Doctors and Patients in the Renaissance

Doctors and Patients
in the Renaissance

Learned Physicians and Everyday Practice in Sixteenth-Century Germany

Michael Stolberg

13 September 2022 – 5 PM (CEST)

In his recent book Learned Physicians and Everyday Medicine in the Renaissance, Michael Stolberg has offered a wide-ranging account of the training, self-fashioning, and medical practice of “ordinary” learned physicians in the sixteenth century, especially in the German-speaking territories.

In this lecture, he will focus on a major aspect of this topic, namely the interactions between physicians and their patients. Drawing on physicians’ personal notebooks, practice journals, and similar sources that reflect the lived reality of everyday medical practice, he will look, in particular, at the different types and degrees of intensity of this interaction, at the issue of fees and fair payment, and at the complex balance of power, which forced the physicians, among others, to offer detailed and comprehensible explanations of their diagnosis and treatment, making the bedside a major site for the dissemination of learned medical knowledge.

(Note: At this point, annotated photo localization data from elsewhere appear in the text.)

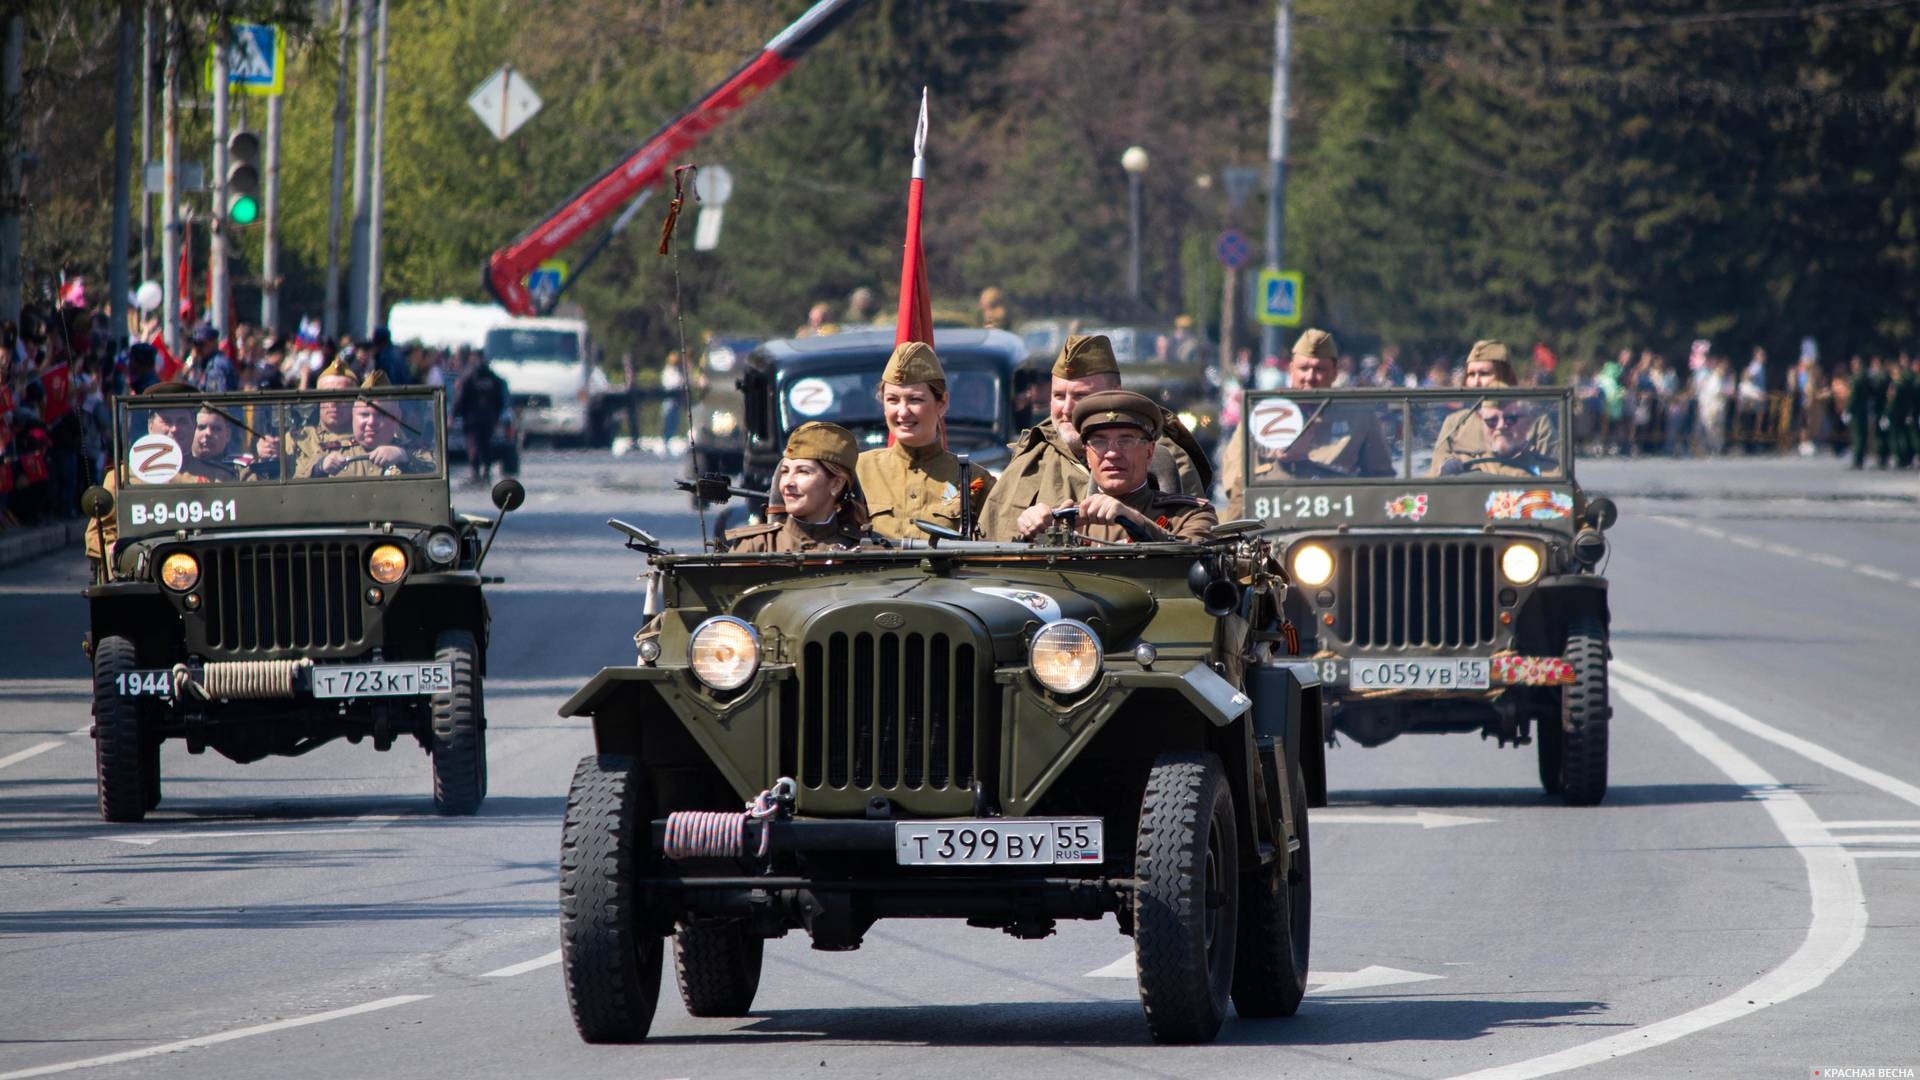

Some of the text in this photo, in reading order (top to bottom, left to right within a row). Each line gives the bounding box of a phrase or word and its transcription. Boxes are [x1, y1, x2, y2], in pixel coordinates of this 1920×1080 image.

[1254, 407, 1297, 436] Z
[133, 443, 178, 473] Z
[1255, 494, 1354, 519] 81-28-1
[421, 667, 443, 684] 55
[1459, 661, 1482, 679] 55
[115, 671, 171, 696] 1944
[1057, 825, 1090, 849] 55
[1056, 850, 1080, 859] RUS

Based on the practice journals, personal notes, and letters of learned physicians from the German-speaking regions, this talk seeks to reconstruct the lived reality of the doctor-patient relationship in the sixteenth century. Even many affluent and educated patients were quick to consult another practitioner when they were not satisfied, and the physicians resorted to various strategies to win and maintain the patient’s trust.

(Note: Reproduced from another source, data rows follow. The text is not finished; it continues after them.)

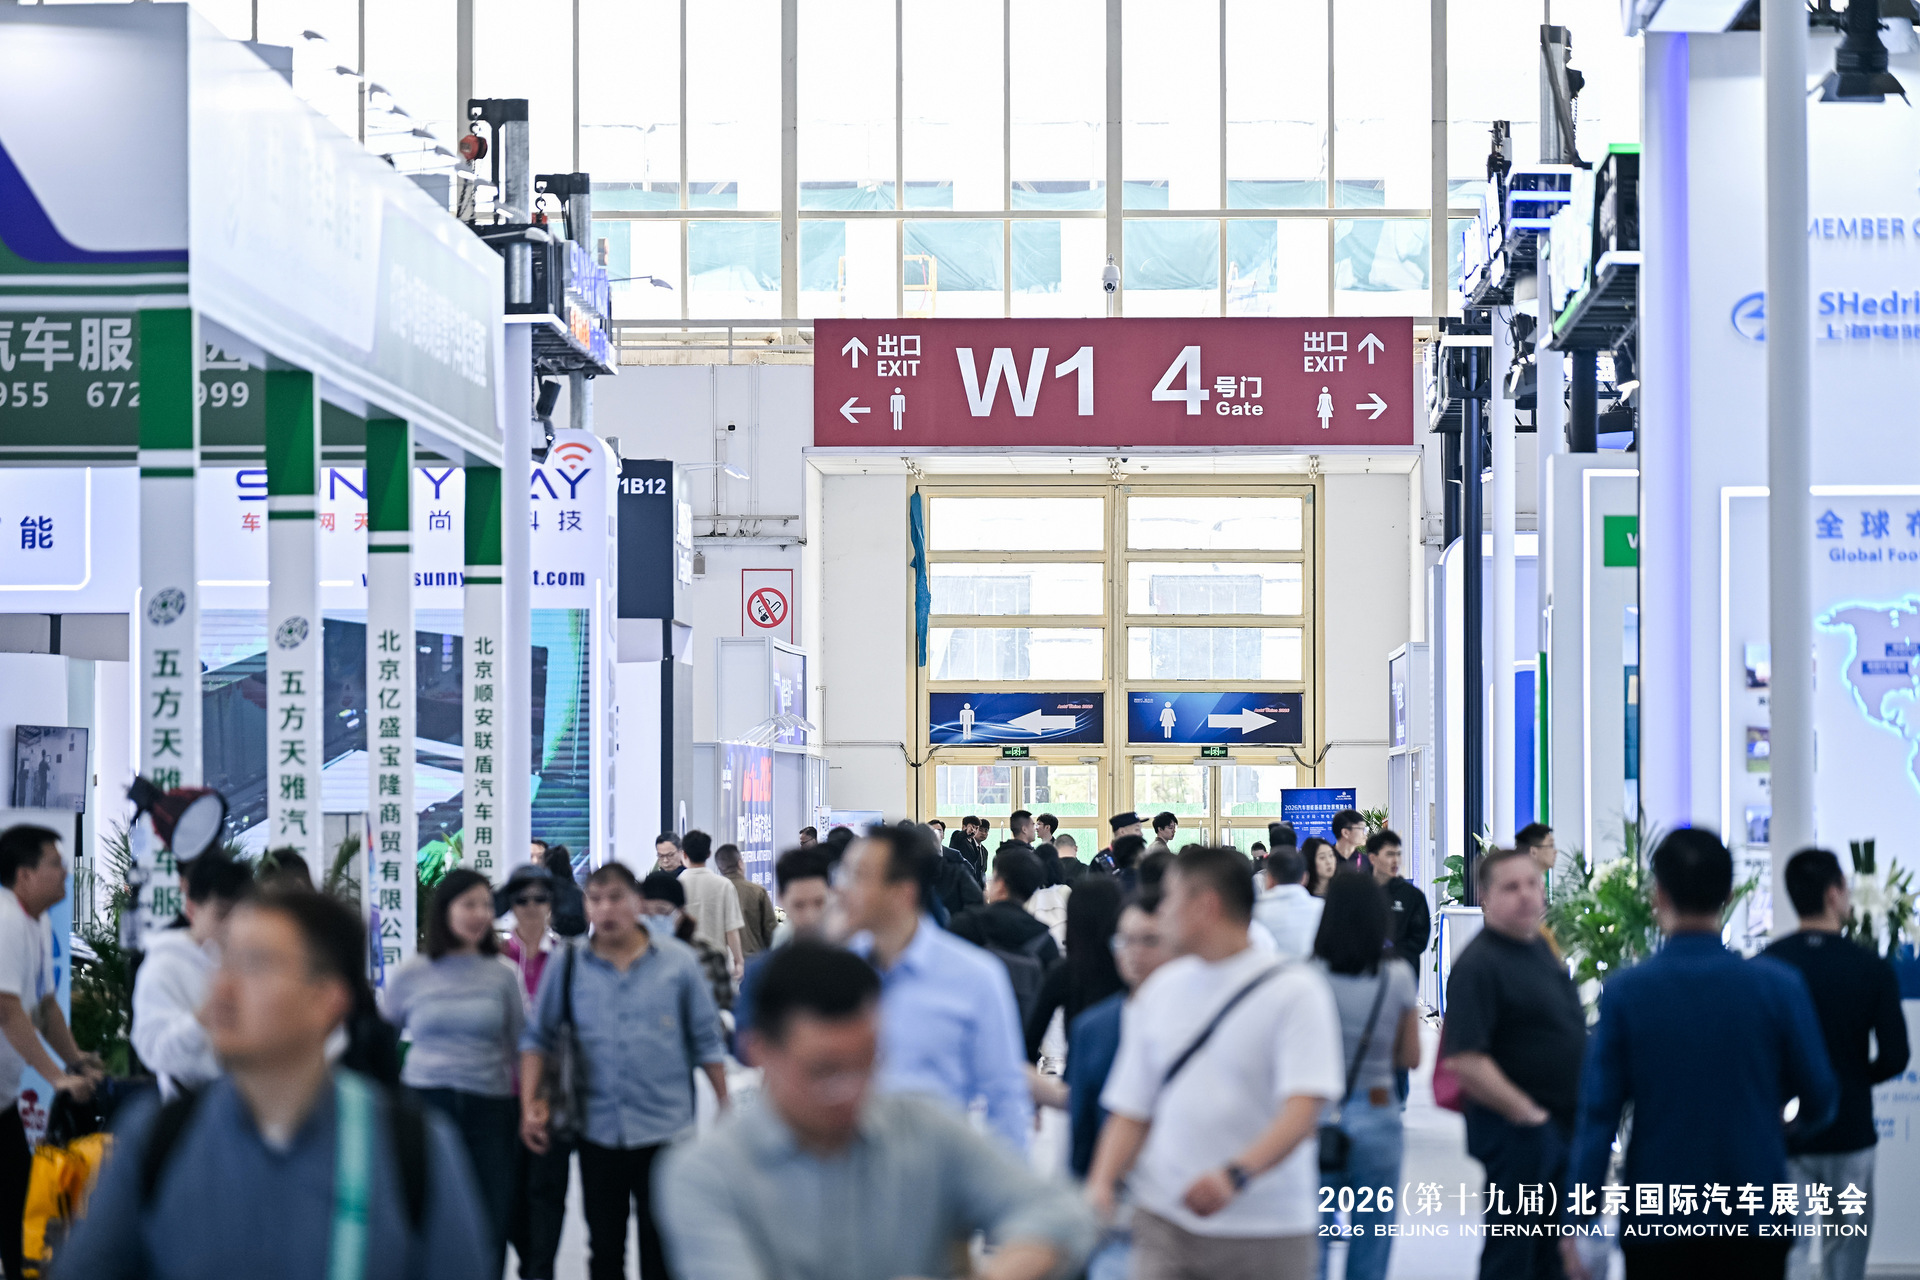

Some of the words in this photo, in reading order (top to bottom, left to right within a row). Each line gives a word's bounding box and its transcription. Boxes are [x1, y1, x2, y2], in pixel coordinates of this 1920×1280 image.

[1807, 217, 1904, 238] MEMBER
[877, 334, 921, 357] 出口
[1303, 331, 1348, 353] 出口
[877, 360, 920, 377] EXIT
[1304, 356, 1348, 372] EXIT
[955, 346, 1095, 417] W1
[1151, 345, 1210, 416] 4
[1214, 375, 1263, 398] 号门
[1215, 401, 1264, 416] Gate
[617, 477, 667, 495] 1B12
[20, 515, 54, 549] 能
[1829, 548, 1883, 562] Global
[1888, 548, 1920, 562] Foo
[280, 670, 307, 850] 五方天雅汽
[474, 636, 494, 880] 北京顺安联盾汽车用品
[378, 629, 402, 966] 北京亿盛宝隆商贸有限公司

These included preferring or outright inventing a diagnosis the patient could not prove wrong and deliberately exaggerating the severity of the disease so the physicians would gain all the more praise (and money) when the patient got better. On the positive side, the physicians respected their patients’ desire for certain medicines and their dislike of others, and went to great lengths to provide them with an explanation of what was happening inside their bodies that made sense to them and matched their personal bodily experience.

About the Speakers ...

Michael Stolberg is chair of History of Medicine at the Julius Maximilian University of Würzburg.
Originally trained as a physician, he received a PhD in history and philosophy at the University of Munich in 1994. From 1995, he held fellowships in Venice, Cambridge, and Munich. Since 2004 he has been chair of the history of medicine at the University of Würzburg, Germany. He has published widely on learned medical theory and practice, the patient experience, and body history in early modern Europe. Amongst his recent book are worth mentioning Experiencing Illness and the Sick Body in Early Modern Europe (2011), Uroscopy in Early Modern Europe (2016), Gelehrte Medizin und ärztlicher Alltag in der Renaissance (2020) recently translated into English as Learned Physicians and Everyday Medical Practice in the Renaissance (2021). Forthcoming this year is also the much-awaited Gabrielle Falloppia, 1522/23-1562: The Life and Work of a Renaissance Anatomist (Routledge, 2022)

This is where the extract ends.